Der Bedarf an Investitionen in der EU ist enorm. Wie der frühere Chef der Europäischen Zentralbank Mario Draghi in einem Bericht über die Wettbewerbsfähigkeit der EU-Staaten festhielt, bräuchte es bis zum Jahr 2030 jährliche Investitionen von 750 bis 800 Milliarden Euro, um den Herausforderungen etwa in den Bereichen Klimaschutz und dem technologischen Wandel nachzukommen. Dabei waren noch nicht die nun als prioritär erachteten Verteidigungsausgaben eingepreist.
Öffentliche Gelder reichen nicht, um die bevorstehenden Investitionen zu stemmen, erklärte die für Finanzdienstleistungen zuständige EU-Kommissarin Maria Luís Albuquerque. In der EU müsse man daher besser darin werden, Kapital zu mobilisieren. Denn trotz ihrer enormen Ressourcen würde die Wirtschaft in der EU hinter den Erwartungen zurückbleiben.
Es müsse „schnell und effektiv“ gehandelt werden, um die derzeitigen Missstände zu beheben, so die EU-Kommissarin. Dabei soll es zu Änderungen im Binnenmarkt für Finanzdienstleistungen kommen, was dessen Fähigkeiten anbelangt, Projekte in allen EU-Ländern zu finanzieren, sei es von lokalen oder paneuropäischen Unternehmen. Zu oft müssten sich vor allem junge Gründer außerhalb der EU nach Finanzierungsmöglichkeiten für ihre Unternehmen umsehen, meinte die EU-Kommissarin weiter. Das führe dazu, dass sie ihre Betriebe außerhalb der EU ansiedeln. Daher müsse Kapital in der EU leichter zugänglich sein.
Laut EU-Kommission würden an die 10.000 Milliarden Euro an Ersparnissen auf Bankkonten in der EU lagern. Das seien 70 Prozent der Guthaben. Nur 30 Prozent würden in „Instrumenten der Kapitalmärkte“ stecken, heißt es in einem Papier der Brüsseler Behörde. Bankkonten seien zwar sicher und leicht zugänglich, würden aber nicht die gleichen Erträge bringen wie Investitionen auf dem Kapitalmarkt. Mit ihrer Strategie will die EU-Kommission nun den EU-Bürgern den Zugang zu den Kapitalmärkten erleichtern.

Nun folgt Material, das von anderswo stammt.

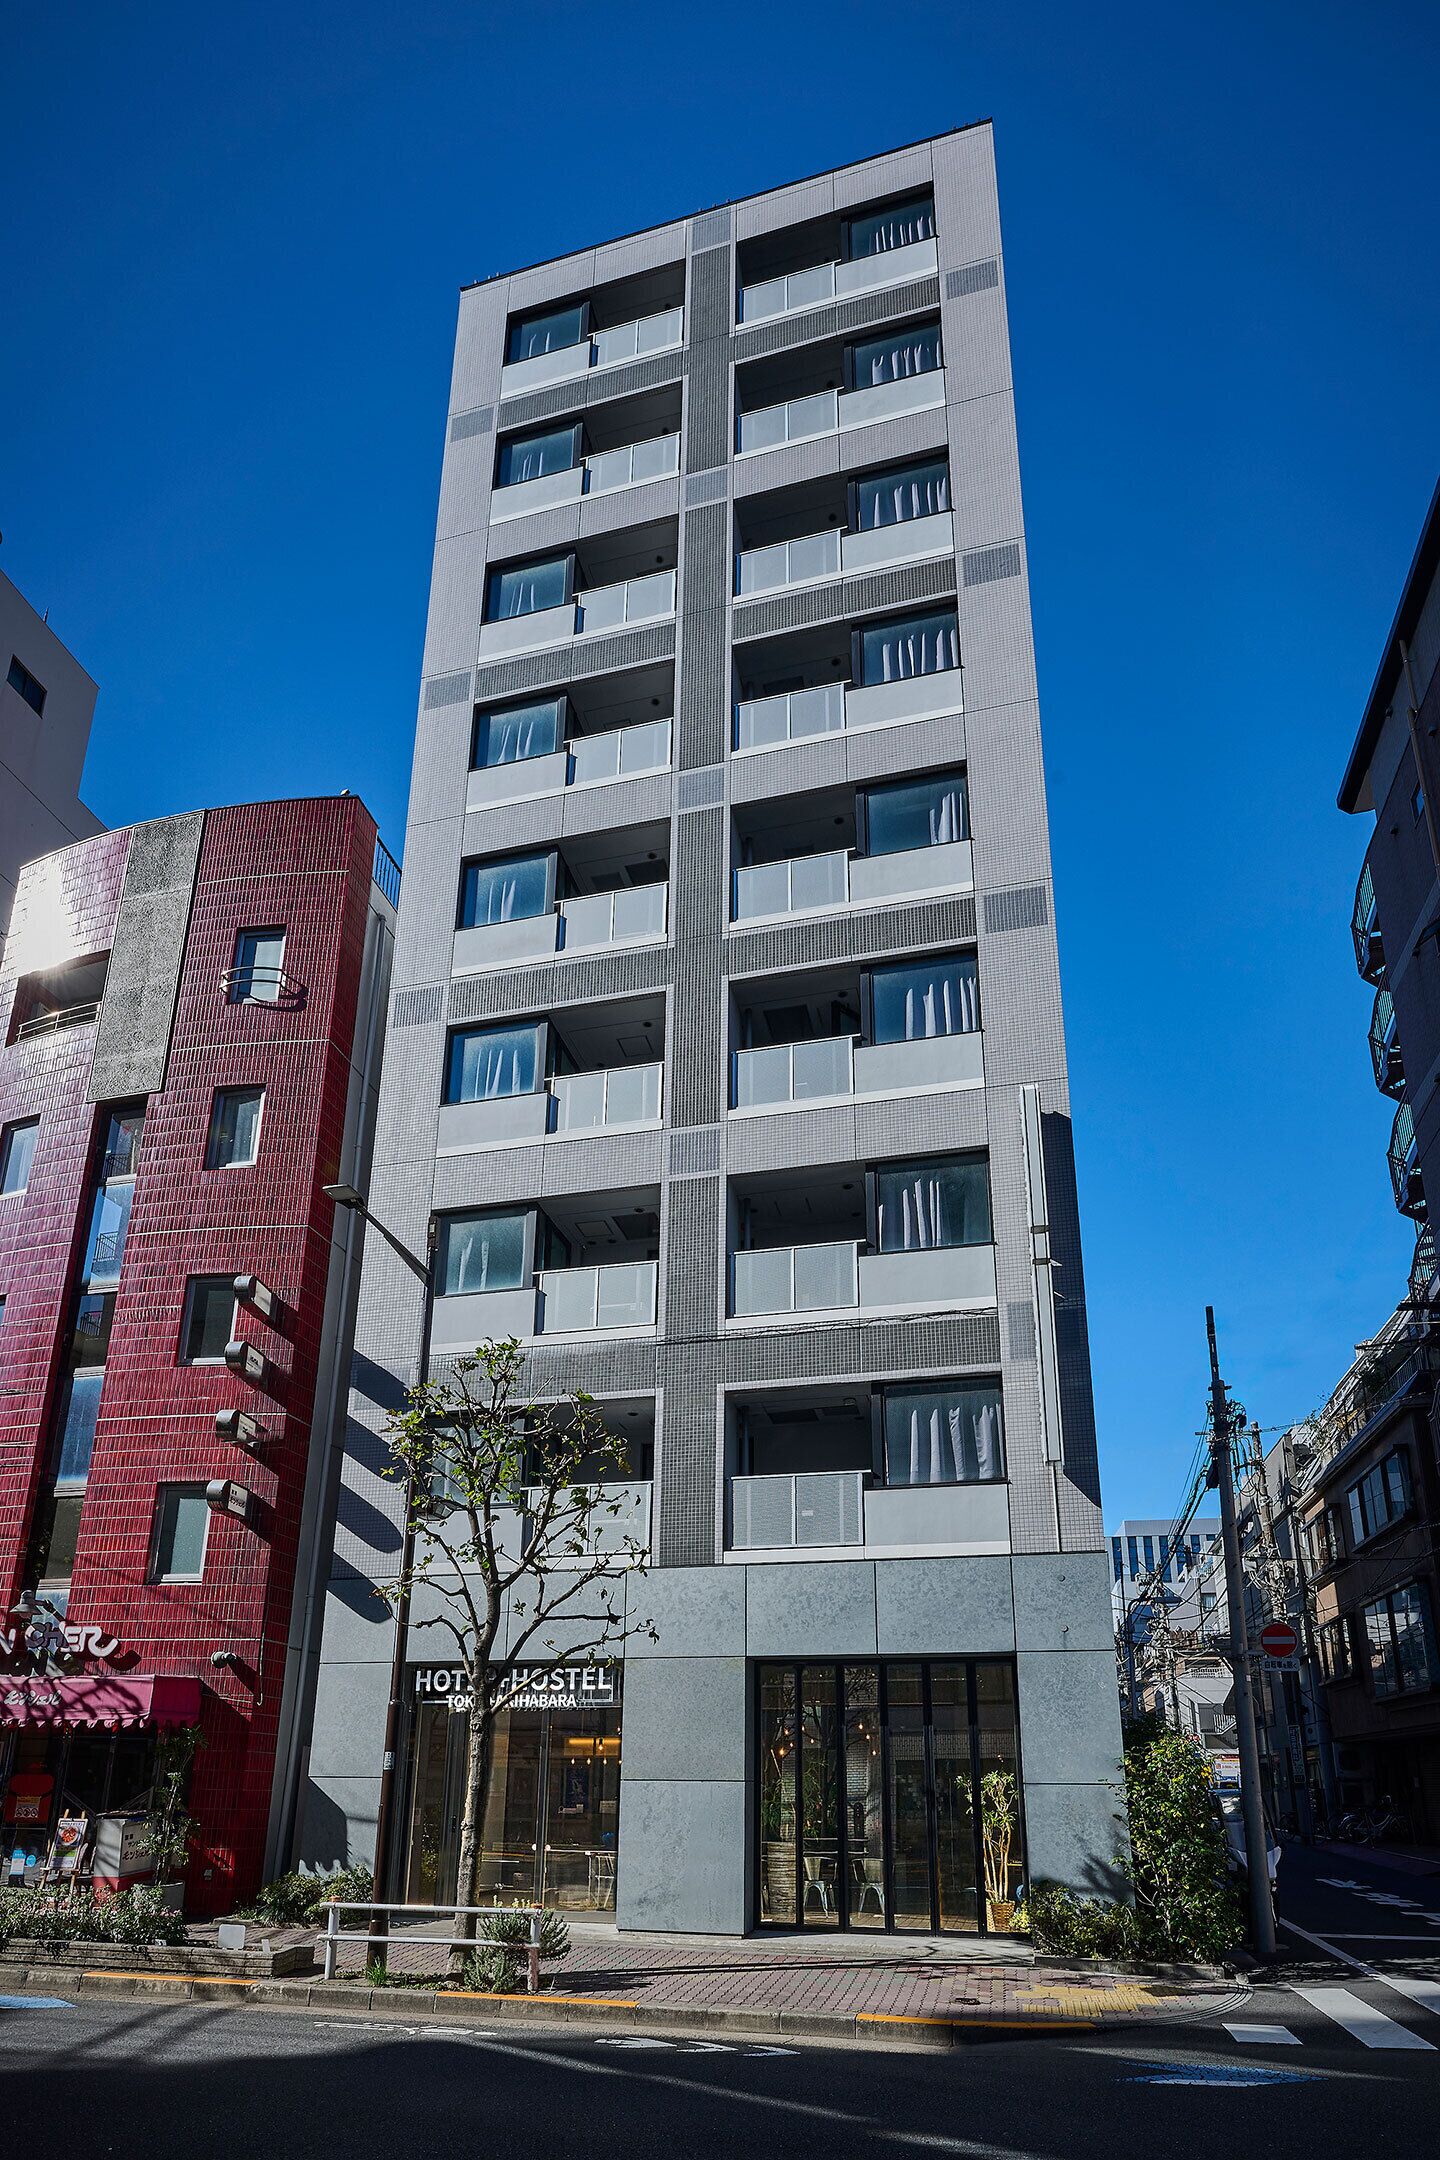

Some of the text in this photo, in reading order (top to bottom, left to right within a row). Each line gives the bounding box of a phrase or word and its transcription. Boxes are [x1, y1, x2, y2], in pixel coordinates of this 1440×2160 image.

[415, 1668, 484, 1692] HOT
[511, 1667, 612, 1691] HOSTEL
[445, 1694, 492, 1708] TOK

Luxemburg dürfte Bedenken haben
Es sei oft leichter, in anderen Märkten zu investieren als in der EU, sagte die Kommissarin: „Das ist bedauerlich und bedeutet ein Verlust für uns alle.“ Daher soll es nun einfacher werden, in der EU zu investieren. Um dies zu erreichen, werde die Kommission unter anderem einen europäischen Entwurf für die Einrichtung von Spar- und Anlagekonten für Privatkunden und Anleger vorlegen, der auf bestehenden nationalen Erfahrungen basiert und von Empfehlungen zur steuerlichen Behandlung dieser Konten begleitet wird. Zudem will die Kommission eine Strategie zur finanziellen Allgemeinbildung der EU-Bürger vorlegen, um es diesen zu ermöglichen, sich mit Anlagemöglichkeiten vertraut zu machen.

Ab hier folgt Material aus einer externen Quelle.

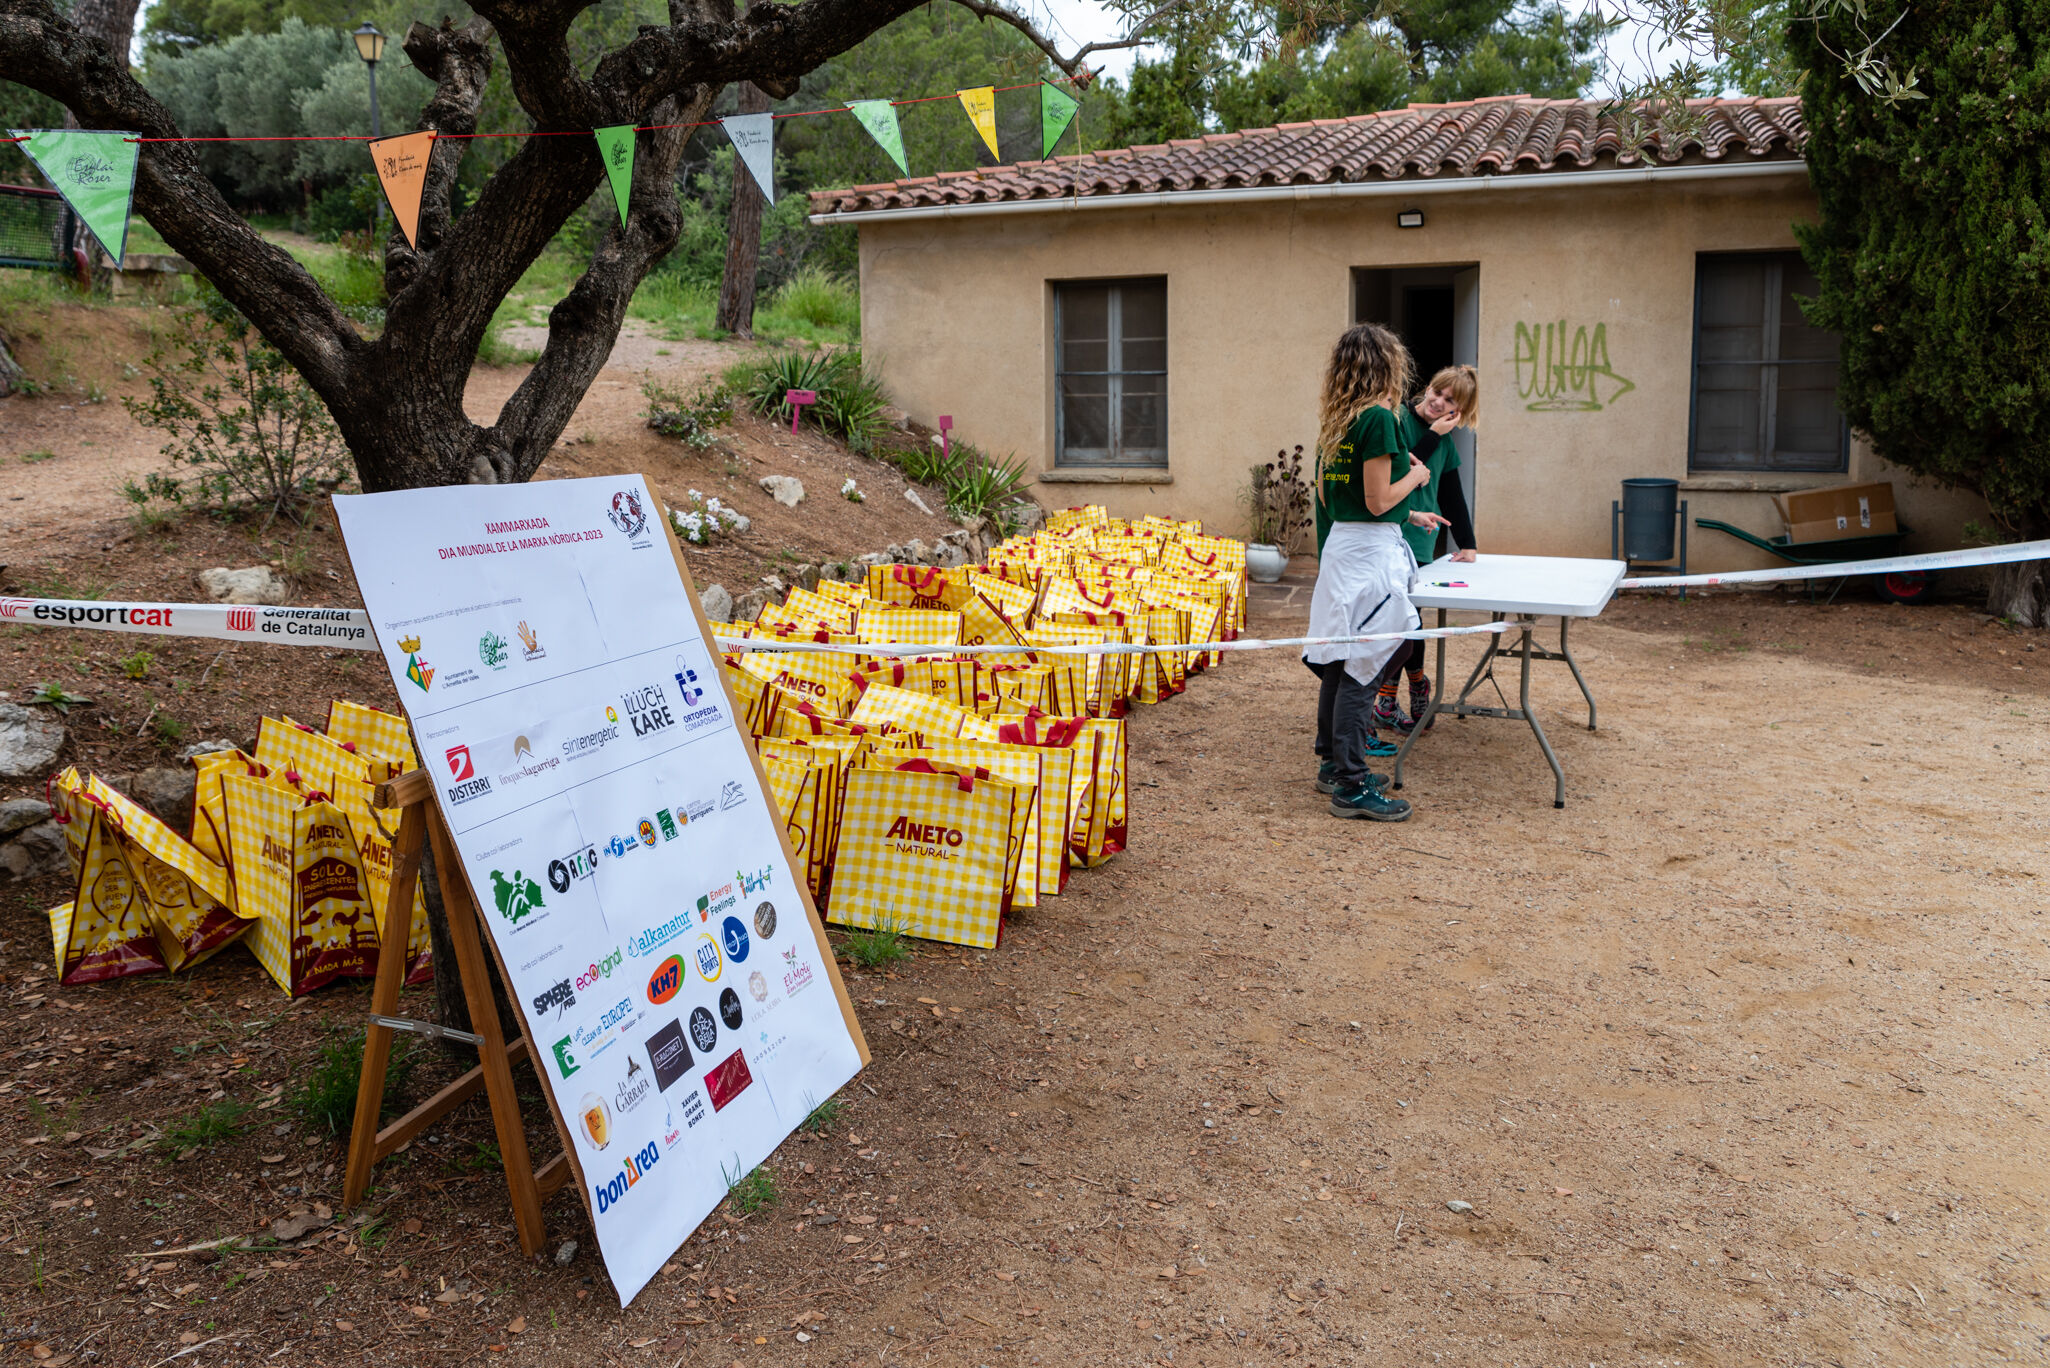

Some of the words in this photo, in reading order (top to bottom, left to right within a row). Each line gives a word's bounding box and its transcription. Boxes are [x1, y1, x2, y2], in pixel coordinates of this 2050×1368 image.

[74, 158, 114, 172] Esplai
[77, 172, 112, 186] Roser
[484, 517, 550, 535] XAMMARXADA
[438, 546, 457, 560] DIA
[457, 542, 496, 556] MUNDIAL
[497, 540, 507, 553] DE
[507, 539, 518, 551] LA
[519, 535, 549, 549] MARXA
[549, 531, 583, 546] NÒRDICA
[583, 528, 604, 542] 2023
[33, 605, 173, 627] esportcat
[263, 607, 351, 622] Generalitat
[261, 621, 282, 634] de
[286, 623, 366, 640] Catalunya
[771, 670, 826, 698] ANETO
[932, 679, 947, 690] ETO
[623, 685, 666, 716] LLUCH
[630, 706, 675, 737] KARE
[683, 705, 718, 723] ORTOPÈDIA
[690, 805, 715, 822] garriguenc
[305, 824, 345, 844] ANETO
[885, 815, 963, 847] ANETO
[262, 834, 291, 870] ANE
[312, 841, 342, 852] NATURAL
[361, 833, 392, 868] ANET
[896, 843, 949, 860] NATURAL
[311, 864, 347, 882] SOLO
[364, 864, 392, 883] NATURA
[303, 876, 356, 893] INGREDIENTES
[709, 883, 732, 902] Energy
[710, 895, 736, 916] Feelings
[638, 910, 690, 950] alkanatur
[343, 955, 364, 967] MÁS
[697, 941, 715, 964] CITY
[701, 956, 719, 975] SPORTS
[533, 978, 574, 1016] SPHERE
[563, 995, 576, 1010] PRO
[600, 996, 633, 1030] EUROPE!
[618, 1081, 627, 1097] LA
[681, 1090, 699, 1109] XAVIER
[688, 1109, 706, 1129] BONET

Aus luxemburgischer Sicht dürften jedoch die Pläne der EU-Kommissarin, die Überwachung der Kapitalmärkte zu harmonisieren, auf wenig Gegenliebe stoßen. Maria Luís Albuquerque will Barrieren bei der Überwachung abschaffen. Die EU-Kommission werde dazu einen Gesetzesvorschlag vorlegen, um eine einheitlichere Überwachung des Kapitalmarktes in der EU zu schaffen. Zwar soll die Konvergenz in diesem Bereich weiter vorangetrieben werden, doch sollen ebenfalls nationale Kompetenzen auf die europäische Ebene verlagert werden, kündigte Maria Luís Albuquerque an. Das könnte dazu führen, dass bestimmte Entscheidungen nicht mehr in Luxemburg, sondern von der Europäischen Wertpapier- und Marktaufsichtsbehörde (ESMA) mit Sitz in Paris getroffen werden. Dem dürfte jedoch in Luxemburg mit Skepsis begegnet werden. Doch auch andere EU-Finanzzentren könnten Bedenken anmelden. Dessen ist sich die EU-Kommissarin offenbar bewusst. Sie gab sich dennoch am Mittwoch „überzeugt, dass Resistenzen überwunden werden können“.